Clicking on each of Wisconsin’s 72 counties indicates the number of projects that have happened in that location out of 474 during the last 36 years.

The map is also a visual representation of where groundwater challenges have been particularly pronounced through the decades. This includes conditions such as naturally occurring radium that’s harmful to humans in Waukesha County (27 projects), a greater susceptibility to contamination in Door County thanks to a thin layer of topsoil covering porous bedrock (25 projects) and water quality and quantity challenges in Portage County (51 projects).
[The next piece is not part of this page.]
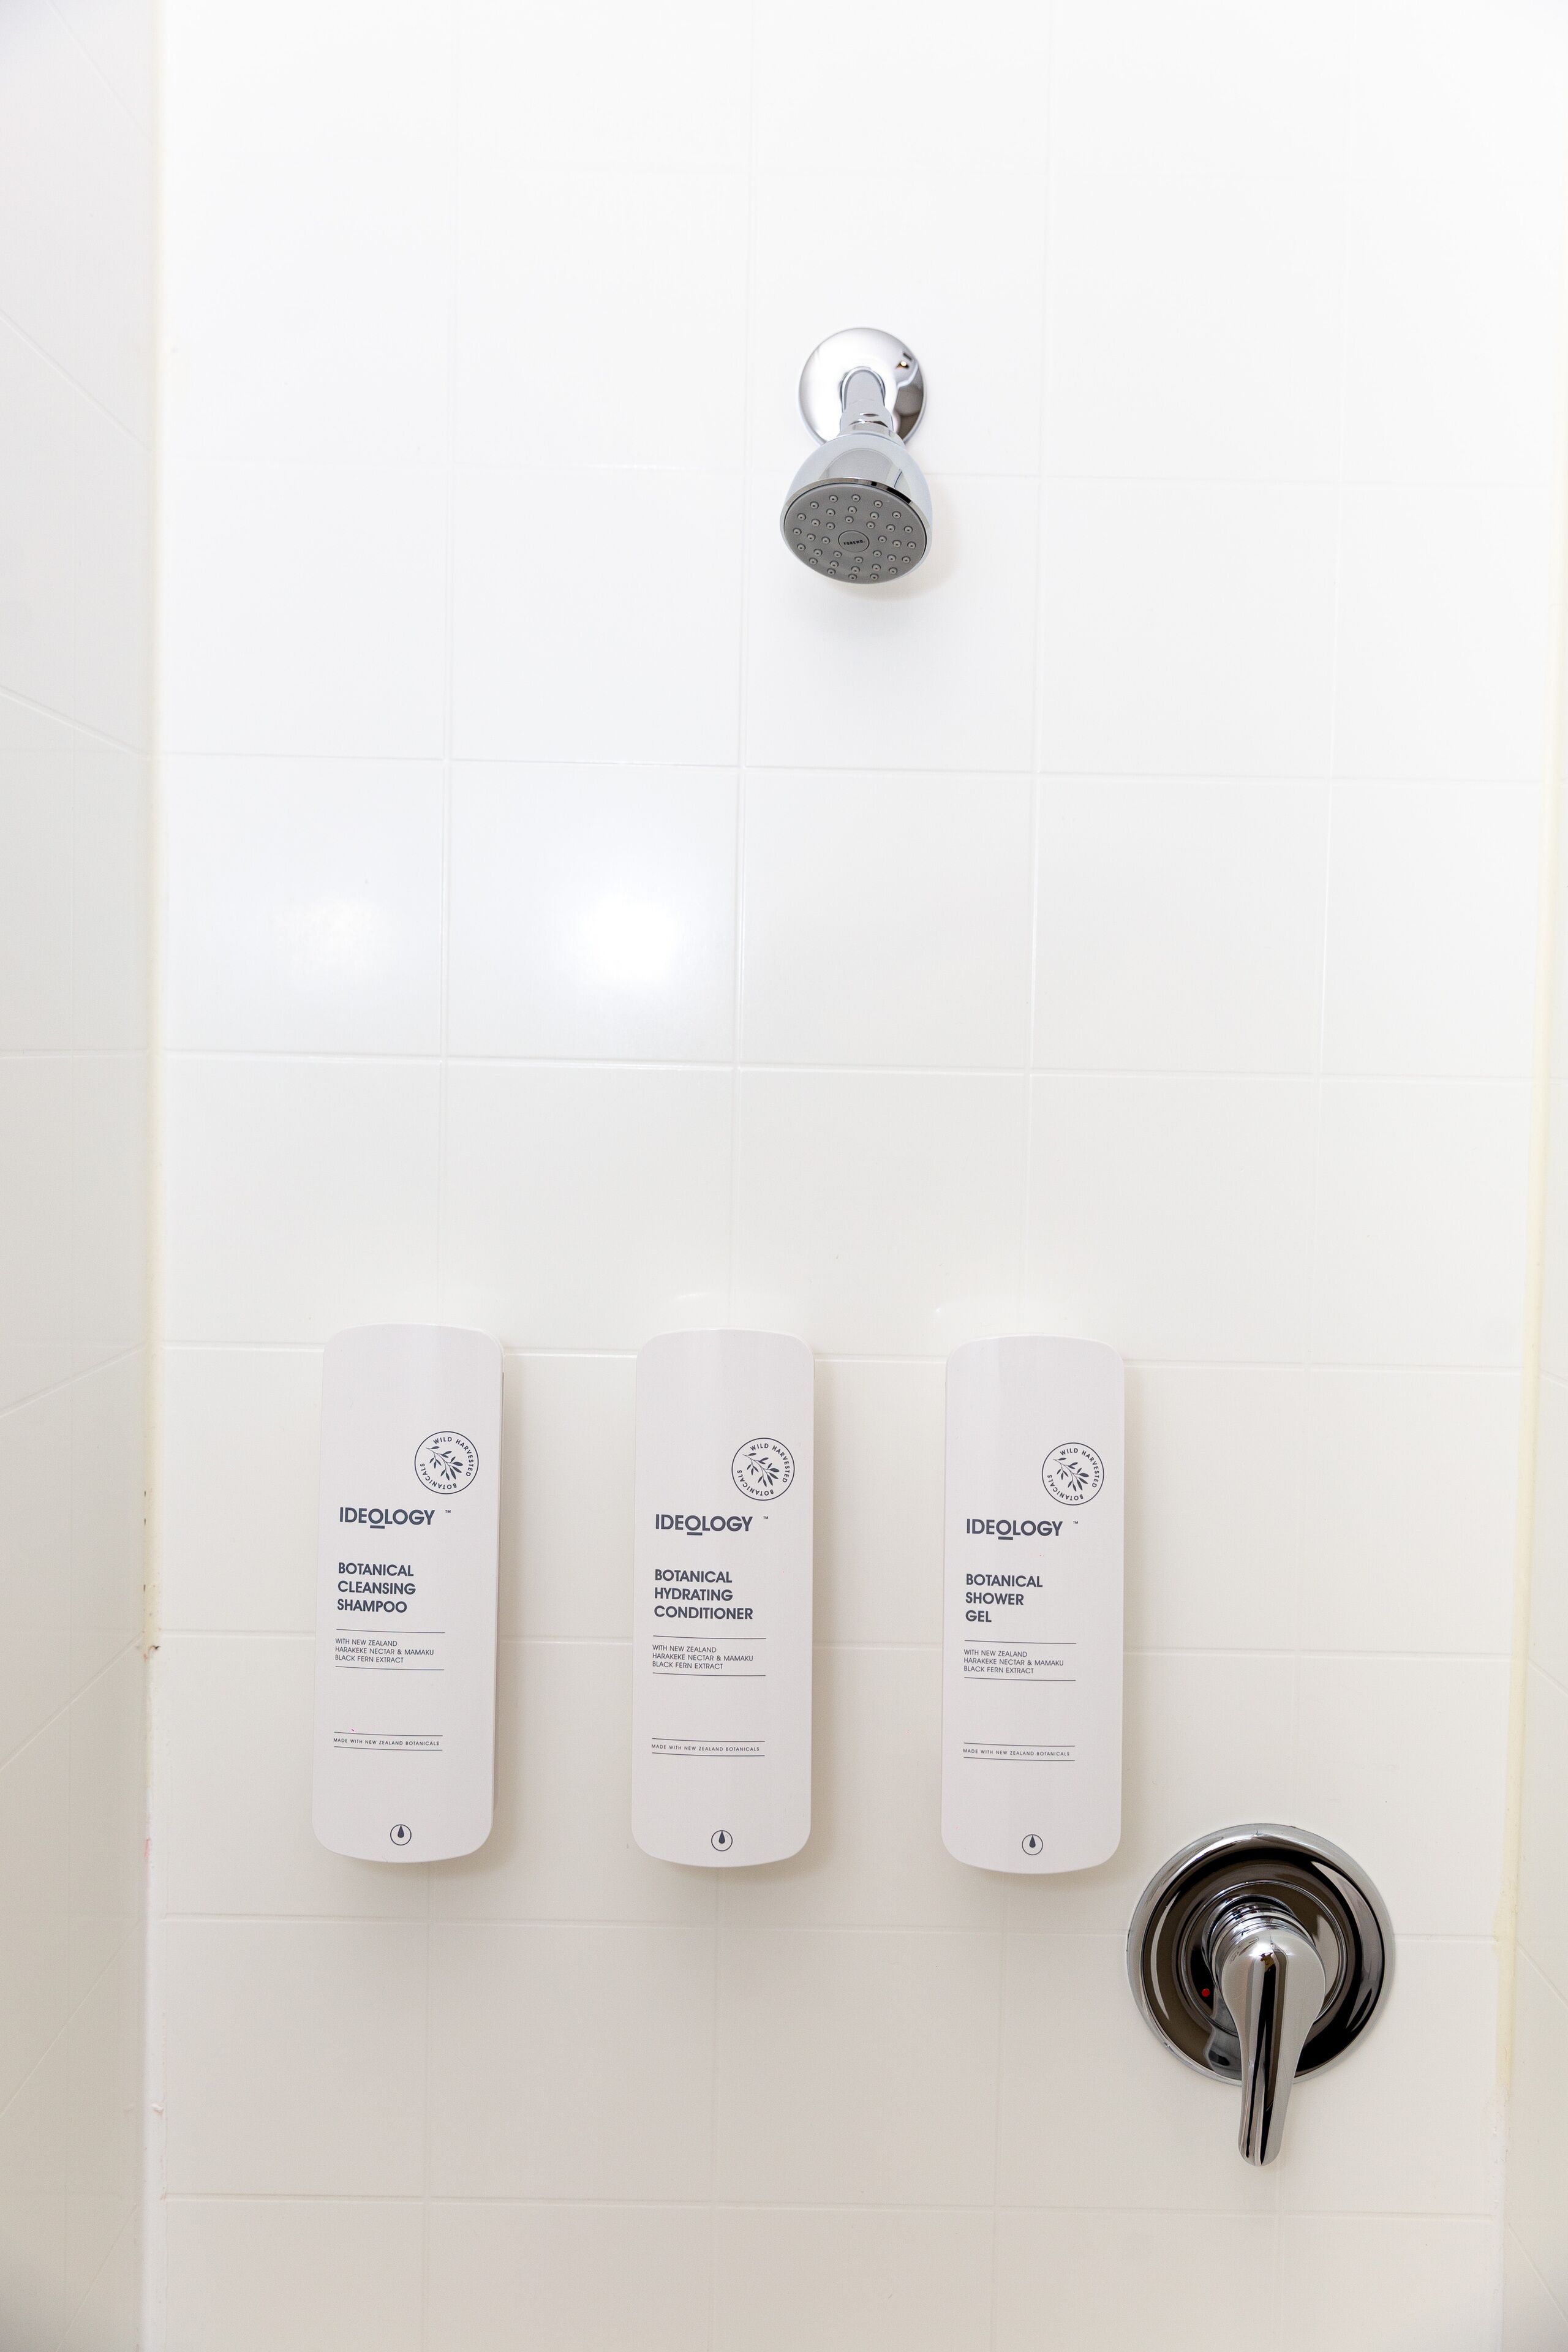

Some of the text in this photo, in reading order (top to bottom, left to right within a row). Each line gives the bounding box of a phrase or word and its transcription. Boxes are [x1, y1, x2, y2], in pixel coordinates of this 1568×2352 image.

Person checking groundwater level at a temporary well.
A researcher in the Central Sands area of Portage County, site of numerous projects, checks a groundwater level. Photo: Bonnie Willison


Results from at least 120 projects can be applied to statewide groundwater issues, and others only involved laboratory explorations so didn’t factor into the county-by-county breakdown. Examples include projects investigating emerging contaminants or legacy chemicals used in agriculture in many corners of Wisconsin, and assessments of petroleum spills that resulted in contamination or leaching from landfills. Project details can be found on the University of Wisconsin Water Resources Institute (WRI) website.

Most of the researchers who conducted the projects have been based at university system schools. A relatively small number of Wisconsin Department of Natural Resources scientists have also led or been a part of the research teams. The majority of the research has been done by scientists based at the flagship campus in Madison.

The largest number of field-based projects took place in Dane County (63). In numerous instances, field work done in Dane County can also be extrapolated to other parts of the state. Further, being able to do research close to campus has been a cost-effective way to gather data without incurring overnight travel expenses.

In 1985, Wisconsin Act 410 established the Wisconsin Groundwater Coordinating Council, which then established the Wisconsin Groundwater Research and Monitoring Program as the mechanism to select and fund annual groundwater research projects. It ensures collaboration and coordination on groundwater issues between the University of Wisconsin System as represented by WRI and the state agencies with groundwater oversight, including the Wisconsin departments of Agriculture, Trade and Consumer Protection; Transportation; Safety and Professional Services; and Natural Resources, as well as the Wisconsin Geological and Natural History Survey, which is based at the University of Wisconsin-Madison.